For 2013, he is preparing the release of the CD “Marcos Paiva Trio - Choroso Vol. 2,” a new perspective from the Brazilian double bass player and an original interpretation of one of the most important and creative musical genres in Brazil, the choro.
Marcos Paiva in praise of Edison Machado Double bass player releases exquisite album under the name of the number one drummer
A bass player remembers Edison Machado.

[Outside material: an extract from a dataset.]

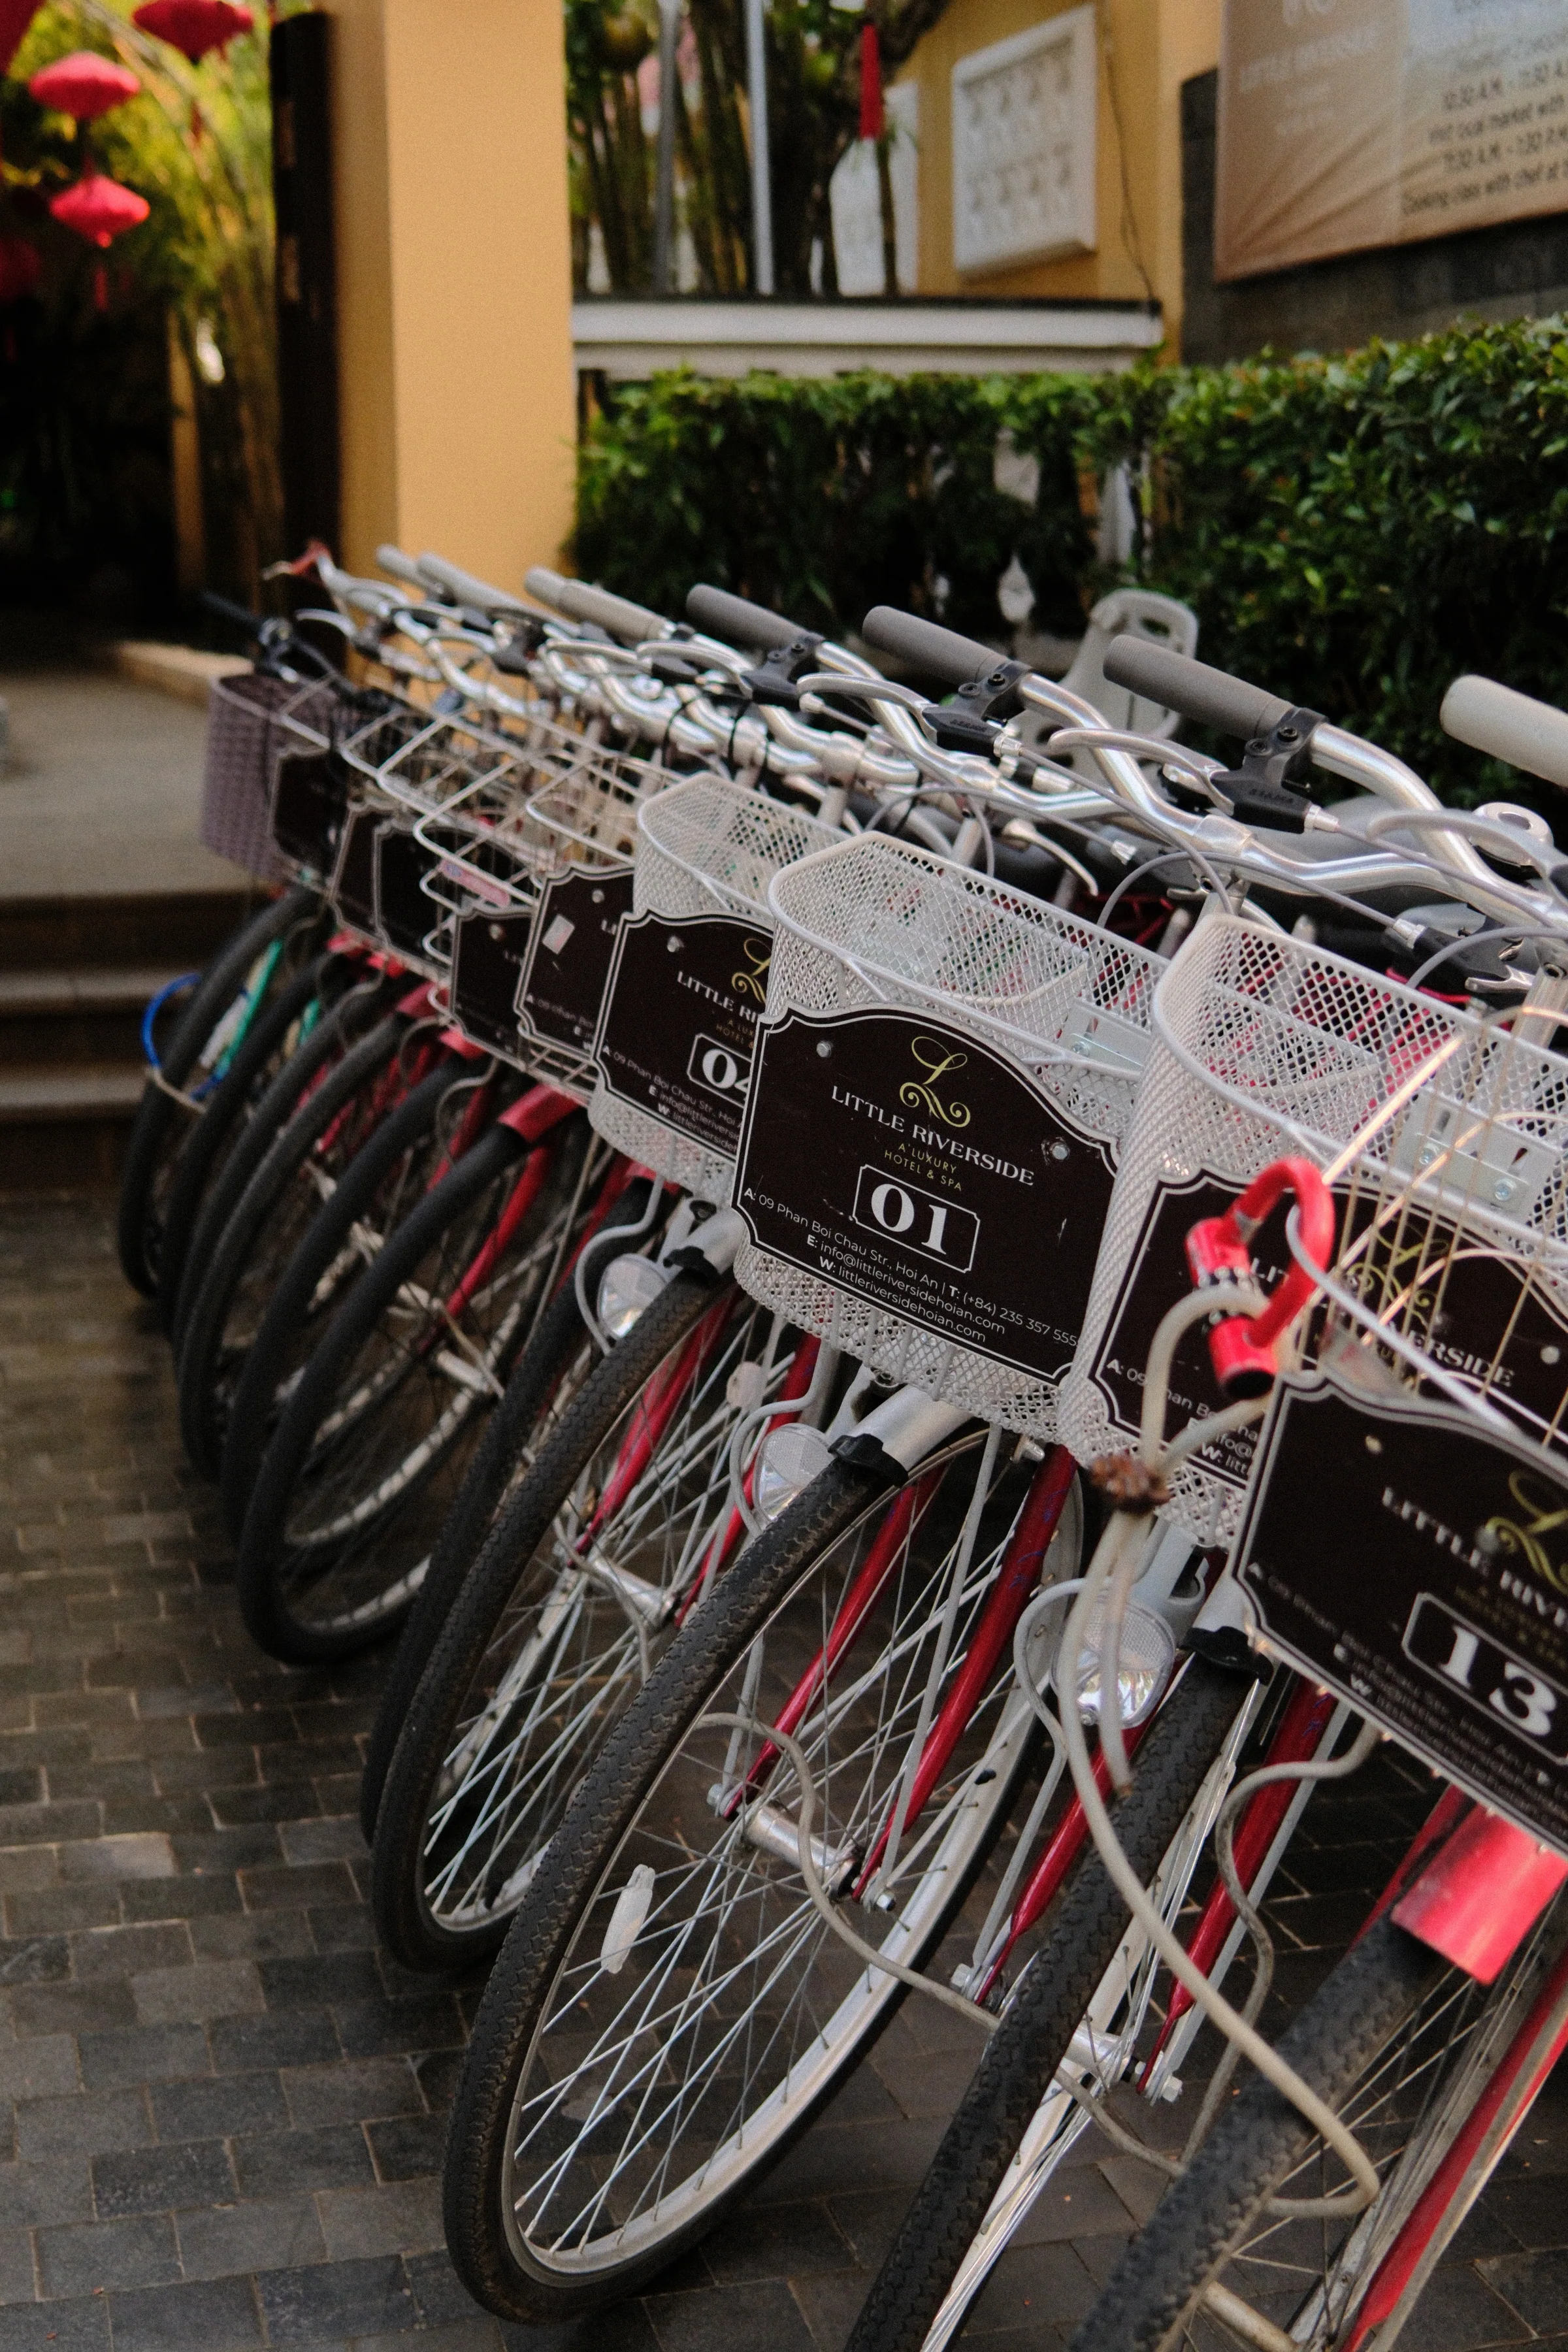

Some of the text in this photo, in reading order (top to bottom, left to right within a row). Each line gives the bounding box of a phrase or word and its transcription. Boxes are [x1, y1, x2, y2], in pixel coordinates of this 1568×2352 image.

One of the pivotal drummers to the existence of bossa nova, the man who reduced all of the parts of a samba school to the seven pieces of a drum set and gave it levity, teaching samba to speak English so it could flirt with jazz, Machado earns a tribute of the highest caliber from one of the specialists of Brazilian music.
Marcos Paiva, double bass player with a vibrant touch and impressive resume, along with his band MP6 (with Edinho Santana on piano, Cássio Ferreira on sax, Daniel de Paula on drums, Jorginho Neto on trombone and Daniel D'Alcântara on trumpet) celebrate one of the most important artists to come out of the seminal Beco das Garrafas nightclub district at the start of the 1950s. The show led by Paiva will be held next Thursday, at the Sesc Pompeia Theater. “Meu Samba no Prato – Tributo a Edison Machado” (My Samba on Cymbals – a Tribute to Edison Machado), the name of the album and the show, presents vibrant themes performed by virtuosos of a group that, in addition to abundant technical mastery, also know how to play off each other.
Remembering Edison Machado in itself would already deserve merit, but what is interesting is that the drummer is mentioned not only as a drummer, but as one of the most important thinkers of those Beco das Garrafas years.
The themes bring out a pre-bossa nova esthetic, from an era when instrumental groups were all the rage in São Paulo. The Brazilianness of the wind instruments shift from sounding like gafieira to a movie soundtrack, always backed with a pulsing beat. Confining it to just a single period of Brazilian music would be to limit it.
Marcos Paiva moves in the same direction without copying. He creates a free interpretation of “Aquarela do Brasil” (Watercolor of Brazil), with fluctuating tempos. And attacks the themes of Edison # 3, 2, 6 and 5 with fury or sweetness. One of the great bass players of the new generation makes his mark with an original tribute, worthy of applause.